### Records for the task

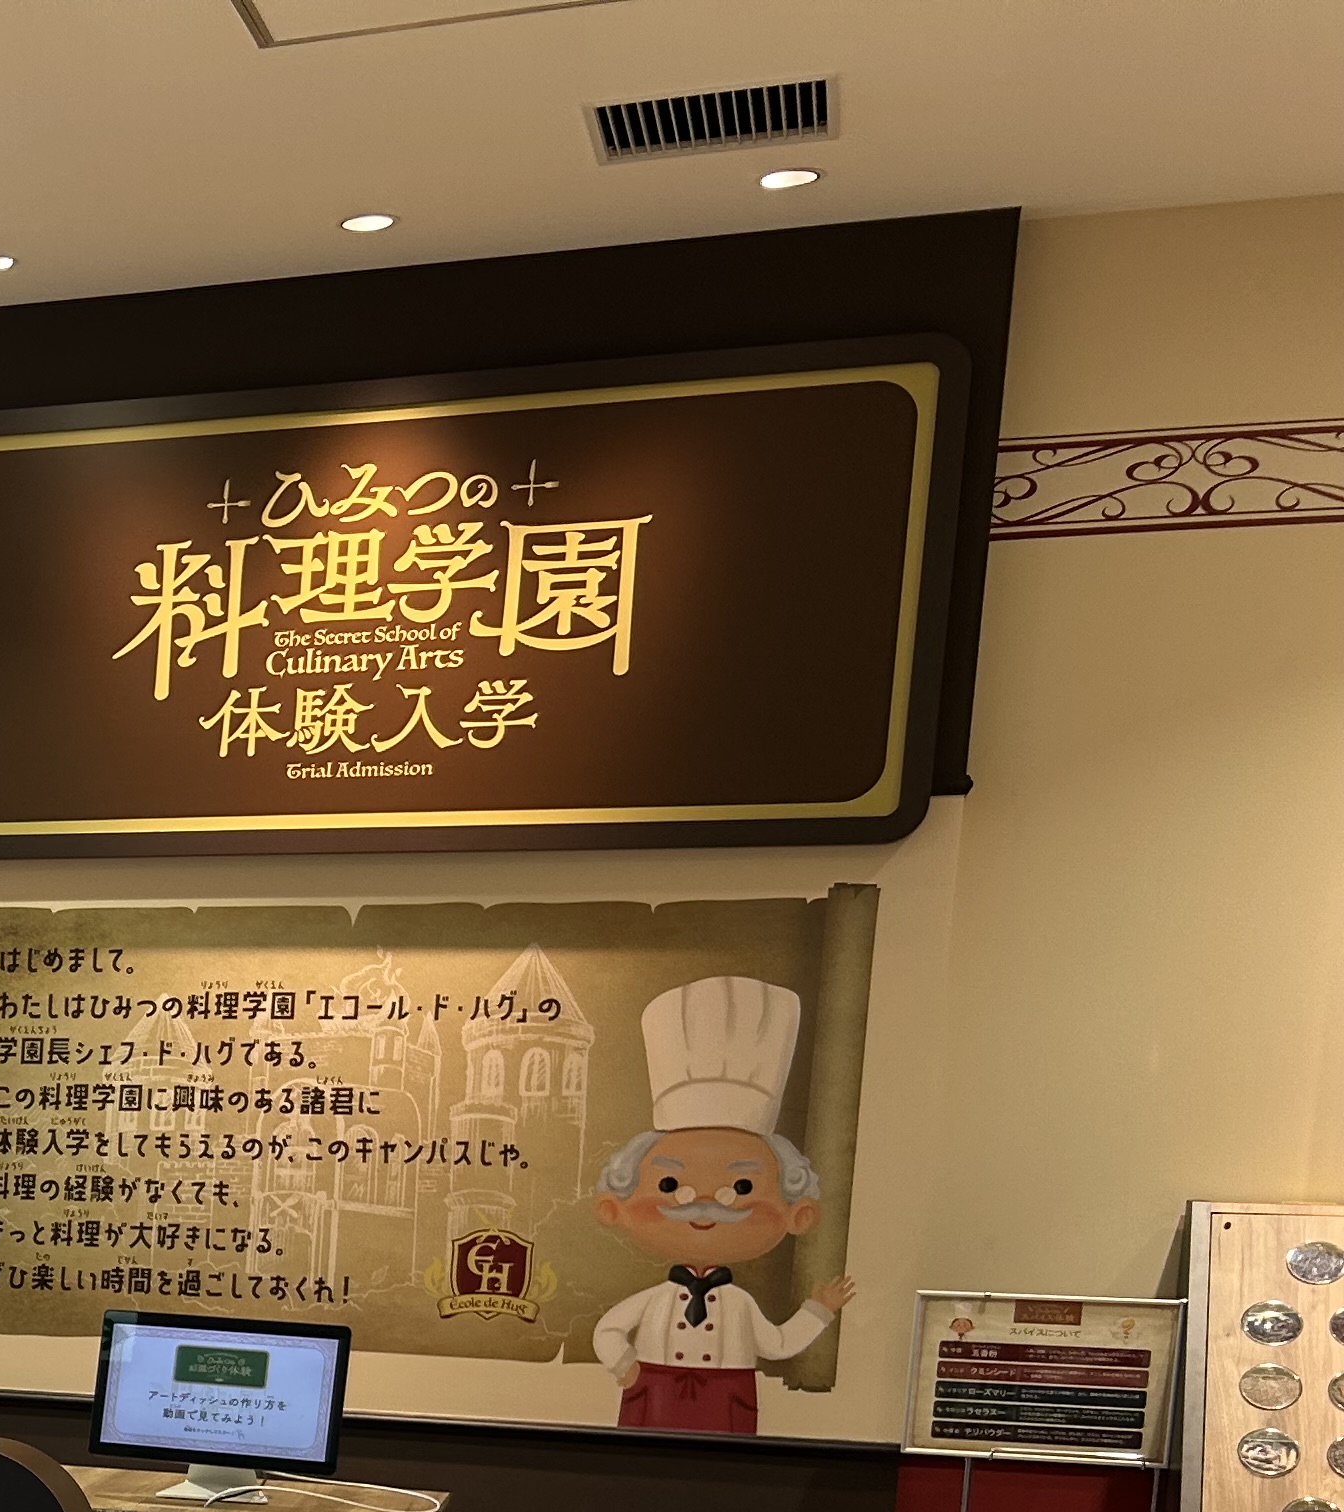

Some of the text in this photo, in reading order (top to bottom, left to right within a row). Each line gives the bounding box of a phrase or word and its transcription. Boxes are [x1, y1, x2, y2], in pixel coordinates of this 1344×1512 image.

[263, 463, 499, 529] ひみつの
[113, 514, 655, 701] 料理学園
[274, 622, 463, 648] The Secret School of
[265, 644, 465, 681] Culinary Arts
[199, 679, 538, 759] 体験入学
[286, 761, 434, 779] Trial Admission
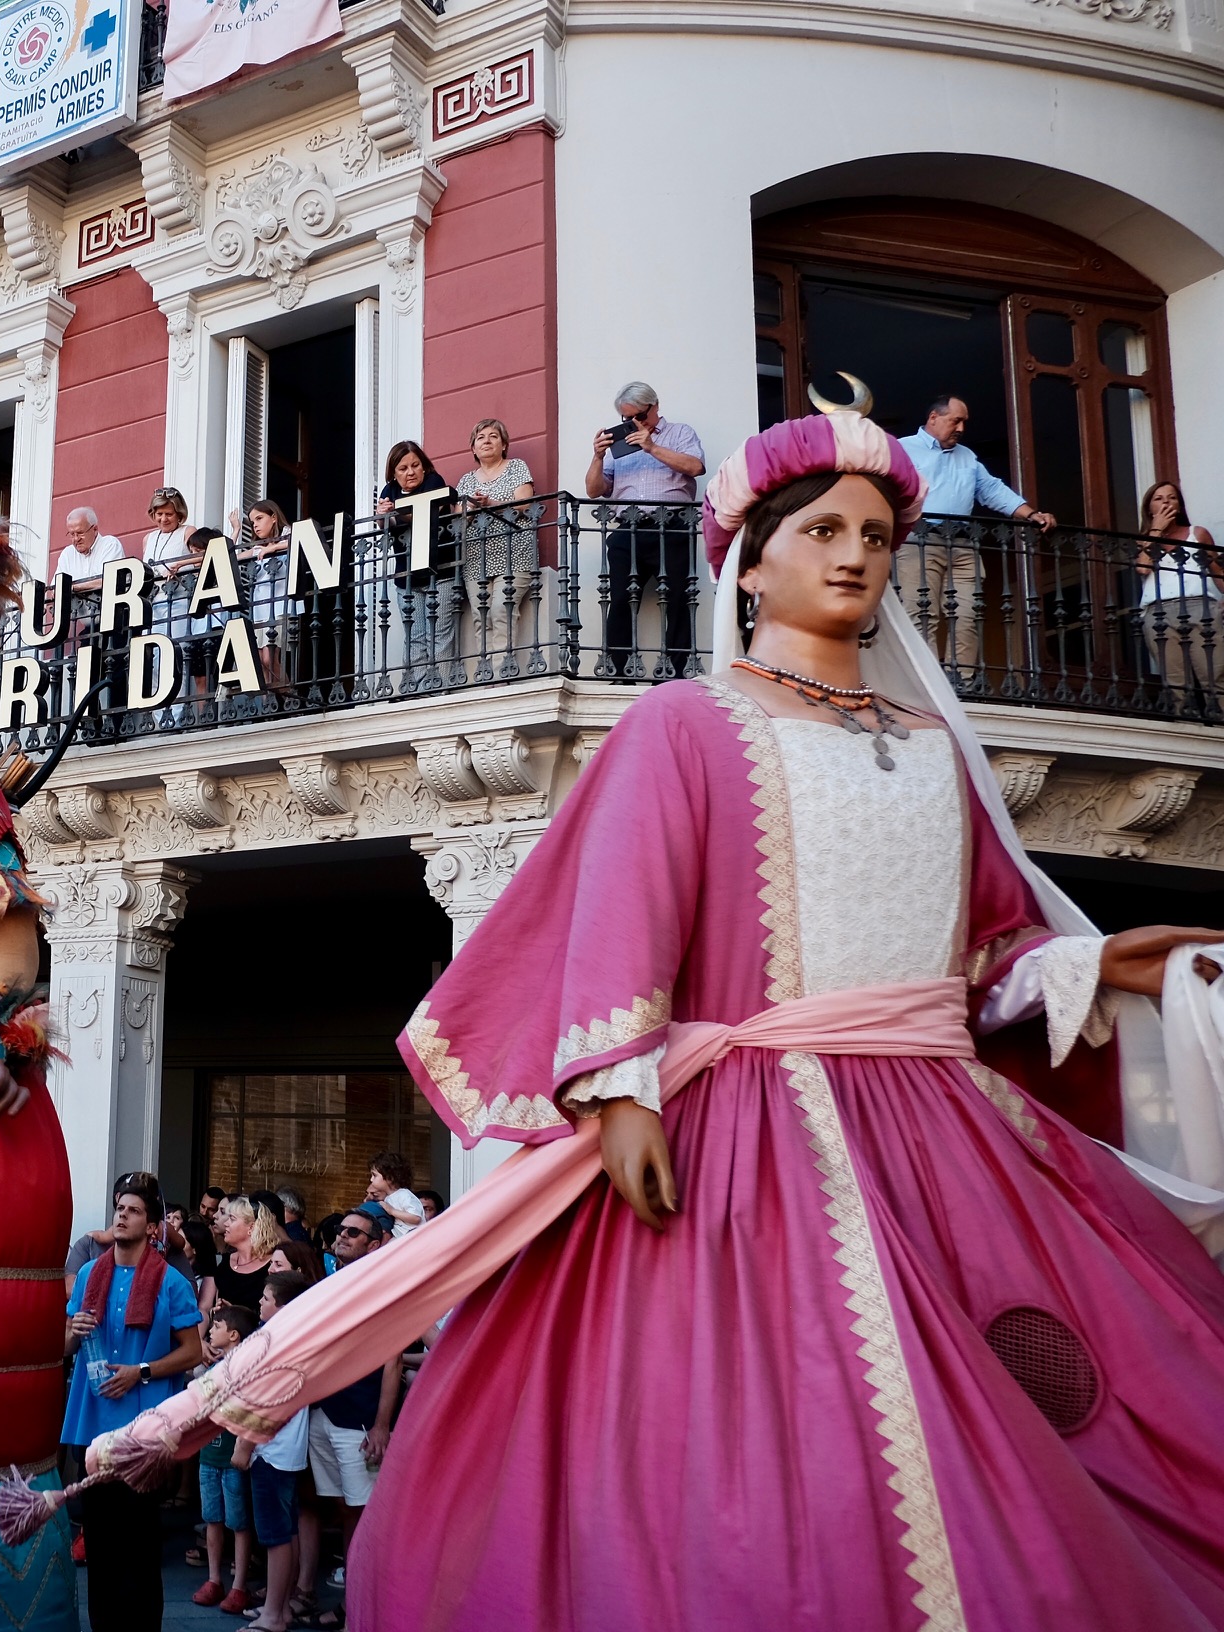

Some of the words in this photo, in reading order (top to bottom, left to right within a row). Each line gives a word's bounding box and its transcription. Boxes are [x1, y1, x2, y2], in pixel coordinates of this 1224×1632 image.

######

**Prompt**
With the pictures omitted, the records above are to be repeated exactly.

**Answer box**
Some of the text in this photo, in reading order (top to bottom, left to right within a row). Each line gives the bounding box of a phrase or word and its transcription. Boxes are [x1, y1, x2, y2], in pixel coordinates of this 1344×1512 image.

[263, 463, 499, 529] ひみつの
[113, 514, 655, 701] 料理学園
[274, 622, 463, 648] The Secret School of
[265, 644, 465, 681] Culinary Arts
[199, 679, 538, 759] 体験入学
[286, 761, 434, 779] Trial Admission

Some of the words in this photo, in reading order (top to bottom, left to right within a row). Each line gives a word's bounding box and its transcription. Boxes are [x1, y1, x2, y2], in pixel coordinates of this 1224×1632 image.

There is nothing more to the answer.